The claimants alleged: (i) breach of section 149 of the Equality Act 2010 in failing to have due regard to the risk of indirect discrimination against Asian residents of the local authority area; (ii) a further breach of section 149 in failing to have any regard for the requirements of that section until too late a stage in the decision-making process in that the six libraries had been named for closure in November 2010 before the equality impact assessment had been carried out; (iii) a breach of section 7 of the Public Libraries & Museums Act 1964 in failing to conduct an adequate investigation of needs; and (iv) procedural unfairness in having invited community groups to submit business plans for running libraries proposed to be closed but failing to tell them the criteria by which the plans would be assessed.

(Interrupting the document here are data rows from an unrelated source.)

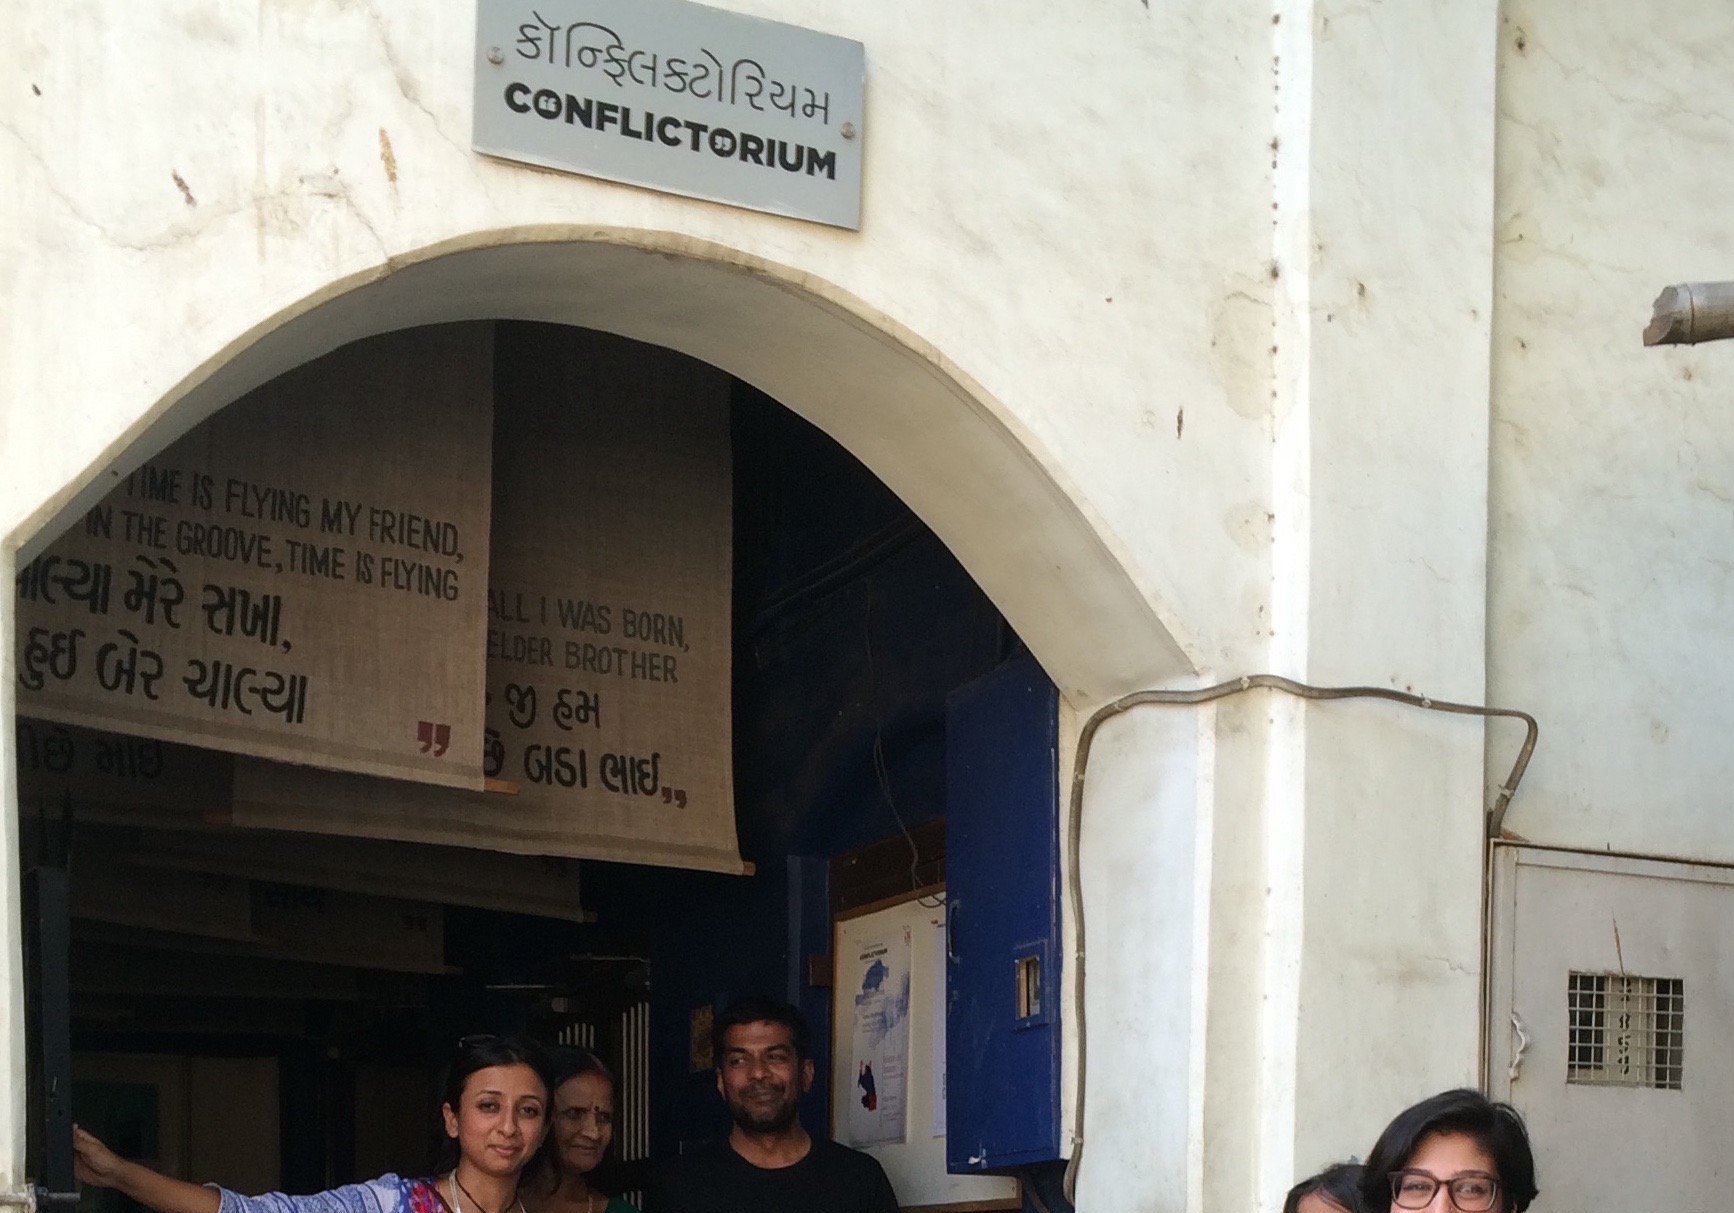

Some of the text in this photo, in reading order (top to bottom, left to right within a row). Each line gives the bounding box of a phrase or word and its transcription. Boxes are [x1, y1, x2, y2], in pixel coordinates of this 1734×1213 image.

[503, 81, 837, 181] CONFLICTORIUM
[121, 509, 168, 549] THE
[285, 538, 346, 581] TIME
[355, 550, 375, 585] IS
[380, 556, 459, 602] FLYING
[191, 473, 214, 513] IS
[225, 477, 311, 530] FLYING
[320, 498, 361, 537] MY
[368, 508, 465, 564] FRIEND,
[123, 553, 185, 630] મેરે
[539, 594, 547, 626] I
[556, 596, 612, 635] WAS
[622, 608, 690, 653] BORN,
[182, 657, 308, 725] ચાલ્યા
[487, 628, 679, 684] ELDER BROTHER

The appeal was dismissed. It was held that: (1) Having regard to the duty under section 149 of the Equality Act 2010 to have due regard to the need to eliminate discrimination, the local authority had not been in breach of duty in failing to give further consideration to the racial dimension, in so far as it affected the Asian community in relation to other communities. Factors were rightly and rationally considered when making the decisions as to which libraries should be closed and decisions were explained in the reports. A racial dimension had not rendered the decision unlawful. The section 149 duty to have due regard did not require further consideration and analysis of that dimension when the decision was taken. It was legitimate to take the pool of library users rather than a pool comprising the entire population of the borough in making an assessment. Adopting that pool, the figures accepted by the judge had not supported a claim that there was indirect discrimination. (2) The local authority had exercised its functions with due regard to the requirements under section 149. It was reasonable to put forward a reasoned proposal for closures in the circumstances, including the urgent need to economise. It had not been necessary for an equality impact assessment to be conducted before the formulation of the proposals on which the public were to be consulted. The local authority had kept section 149 properly in mind from an early stage and for that reason decided to carry out a full equality impact assessment for consideration together with the results of the consultation. Factors under section 149 were in mind at each stage. The local authority had not put the relevant requirements to one side until the ultimate decision was taken but had had regard to them as an integral part of the decision-making process. (3) The authority had the duty under section 7 of the Public Libraries and Museums Act 1964. Decisions as to closures were taken with that duty in mind and the proposals included improved ways in which the expectations of users might be met. Mitigation measures were proposed in that regard. Section 7 contemplated flexibility in meeting the needs of users and detailed consideration had been given to those needs. (4) In the circumstances, those contributing to the consultation process had been well aware of the factors or criteria which had been relevant. No error of law could be established on that ground.